Brief: Repeat each line of the material below exactly.

Given data:
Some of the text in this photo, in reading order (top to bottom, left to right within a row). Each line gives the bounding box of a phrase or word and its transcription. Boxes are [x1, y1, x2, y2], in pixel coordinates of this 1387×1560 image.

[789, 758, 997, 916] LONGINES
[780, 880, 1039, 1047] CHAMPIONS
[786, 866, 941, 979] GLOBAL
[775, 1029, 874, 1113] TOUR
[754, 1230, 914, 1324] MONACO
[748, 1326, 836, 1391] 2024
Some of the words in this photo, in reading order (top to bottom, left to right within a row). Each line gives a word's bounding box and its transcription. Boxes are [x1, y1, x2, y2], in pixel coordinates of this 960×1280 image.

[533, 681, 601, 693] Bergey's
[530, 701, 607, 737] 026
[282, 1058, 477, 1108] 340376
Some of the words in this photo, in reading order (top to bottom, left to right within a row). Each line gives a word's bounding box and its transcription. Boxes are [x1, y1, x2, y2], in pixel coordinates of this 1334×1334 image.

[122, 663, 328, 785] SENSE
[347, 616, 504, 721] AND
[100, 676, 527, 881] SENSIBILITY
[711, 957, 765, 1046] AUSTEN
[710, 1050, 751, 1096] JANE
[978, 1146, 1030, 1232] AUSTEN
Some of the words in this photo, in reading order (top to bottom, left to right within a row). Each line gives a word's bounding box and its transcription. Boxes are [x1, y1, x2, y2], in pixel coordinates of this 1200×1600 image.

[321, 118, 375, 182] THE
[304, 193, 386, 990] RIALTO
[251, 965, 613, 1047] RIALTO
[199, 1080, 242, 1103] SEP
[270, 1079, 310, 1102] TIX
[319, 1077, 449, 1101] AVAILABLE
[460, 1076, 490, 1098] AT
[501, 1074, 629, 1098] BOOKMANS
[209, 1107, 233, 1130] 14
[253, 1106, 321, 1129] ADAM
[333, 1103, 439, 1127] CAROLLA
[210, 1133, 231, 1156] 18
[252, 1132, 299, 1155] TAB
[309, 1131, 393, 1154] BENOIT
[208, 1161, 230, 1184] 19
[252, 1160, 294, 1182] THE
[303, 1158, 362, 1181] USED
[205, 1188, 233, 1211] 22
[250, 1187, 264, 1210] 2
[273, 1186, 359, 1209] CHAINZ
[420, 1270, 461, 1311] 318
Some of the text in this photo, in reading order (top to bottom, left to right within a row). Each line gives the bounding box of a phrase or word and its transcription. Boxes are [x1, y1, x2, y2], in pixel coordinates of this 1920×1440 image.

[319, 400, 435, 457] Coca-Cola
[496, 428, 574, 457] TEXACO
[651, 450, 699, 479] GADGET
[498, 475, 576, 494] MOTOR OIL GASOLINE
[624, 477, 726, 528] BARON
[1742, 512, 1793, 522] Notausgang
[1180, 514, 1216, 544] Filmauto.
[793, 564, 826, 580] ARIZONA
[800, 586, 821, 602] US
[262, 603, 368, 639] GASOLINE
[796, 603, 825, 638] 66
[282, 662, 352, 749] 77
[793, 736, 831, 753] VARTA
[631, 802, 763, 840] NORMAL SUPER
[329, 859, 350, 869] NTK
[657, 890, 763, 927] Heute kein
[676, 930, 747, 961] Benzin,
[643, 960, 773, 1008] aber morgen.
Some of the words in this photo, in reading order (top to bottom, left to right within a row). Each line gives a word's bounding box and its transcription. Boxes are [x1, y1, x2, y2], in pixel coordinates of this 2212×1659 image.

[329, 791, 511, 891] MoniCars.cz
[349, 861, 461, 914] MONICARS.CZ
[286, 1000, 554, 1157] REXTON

Answer to the problem:
Some of the text in this photo, in reading order (top to bottom, left to right within a row). Each line gives the bounding box of a phrase or word and its transcription. Boxes are [x1, y1, x2, y2], in pixel coordinates of this 1387×1560 image.

[789, 758, 997, 916] LONGINES
[780, 880, 1039, 1047] CHAMPIONS
[786, 866, 941, 979] GLOBAL
[775, 1029, 874, 1113] TOUR
[754, 1230, 914, 1324] MONACO
[748, 1326, 836, 1391] 2024
Some of the words in this photo, in reading order (top to bottom, left to right within a row). Each line gives a word's bounding box and its transcription. Boxes are [x1, y1, x2, y2], in pixel coordinates of this 960×1280 image.

[533, 681, 601, 693] Bergey's
[530, 701, 607, 737] 026
[282, 1058, 477, 1108] 340376
Some of the words in this photo, in reading order (top to bottom, left to right within a row). Each line gives a word's bounding box and its transcription. Boxes are [x1, y1, x2, y2], in pixel coordinates of this 1334×1334 image.

[122, 663, 328, 785] SENSE
[347, 616, 504, 721] AND
[100, 676, 527, 881] SENSIBILITY
[711, 957, 765, 1046] AUSTEN
[710, 1050, 751, 1096] JANE
[978, 1146, 1030, 1232] AUSTEN
Some of the words in this photo, in reading order (top to bottom, left to right within a row). Each line gives a word's bounding box and its transcription. Boxes are [x1, y1, x2, y2], in pixel coordinates of this 1200×1600 image.

[321, 118, 375, 182] THE
[304, 193, 386, 990] RIALTO
[251, 965, 613, 1047] RIALTO
[199, 1080, 242, 1103] SEP
[270, 1079, 310, 1102] TIX
[319, 1077, 449, 1101] AVAILABLE
[460, 1076, 490, 1098] AT
[501, 1074, 629, 1098] BOOKMANS
[209, 1107, 233, 1130] 14
[253, 1106, 321, 1129] ADAM
[333, 1103, 439, 1127] CAROLLA
[210, 1133, 231, 1156] 18
[252, 1132, 299, 1155] TAB
[309, 1131, 393, 1154] BENOIT
[208, 1161, 230, 1184] 19
[252, 1160, 294, 1182] THE
[303, 1158, 362, 1181] USED
[205, 1188, 233, 1211] 22
[250, 1187, 264, 1210] 2
[273, 1186, 359, 1209] CHAINZ
[420, 1270, 461, 1311] 318
Some of the text in this photo, in reading order (top to bottom, left to right within a row). Each line gives the bounding box of a phrase or word and its transcription. Boxes are [x1, y1, x2, y2], in pixel coordinates of this 1920×1440 image.

[319, 400, 435, 457] Coca-Cola
[496, 428, 574, 457] TEXACO
[651, 450, 699, 479] GADGET
[498, 475, 576, 494] MOTOR OIL GASOLINE
[624, 477, 726, 528] BARON
[1742, 512, 1793, 522] Notausgang
[1180, 514, 1216, 544] Filmauto.
[793, 564, 826, 580] ARIZONA
[800, 586, 821, 602] US
[262, 603, 368, 639] GASOLINE
[796, 603, 825, 638] 66
[282, 662, 352, 749] 77
[793, 736, 831, 753] VARTA
[631, 802, 763, 840] NORMAL SUPER
[329, 859, 350, 869] NTK
[657, 890, 763, 927] Heute kein
[676, 930, 747, 961] Benzin,
[643, 960, 773, 1008] aber morgen.
Some of the words in this photo, in reading order (top to bottom, left to right within a row). Each line gives a word's bounding box and its transcription. Boxes are [x1, y1, x2, y2], in pixel coordinates of this 2212×1659 image.

[329, 791, 511, 891] MoniCars.cz
[349, 861, 461, 914] MONICARS.CZ
[286, 1000, 554, 1157] REXTON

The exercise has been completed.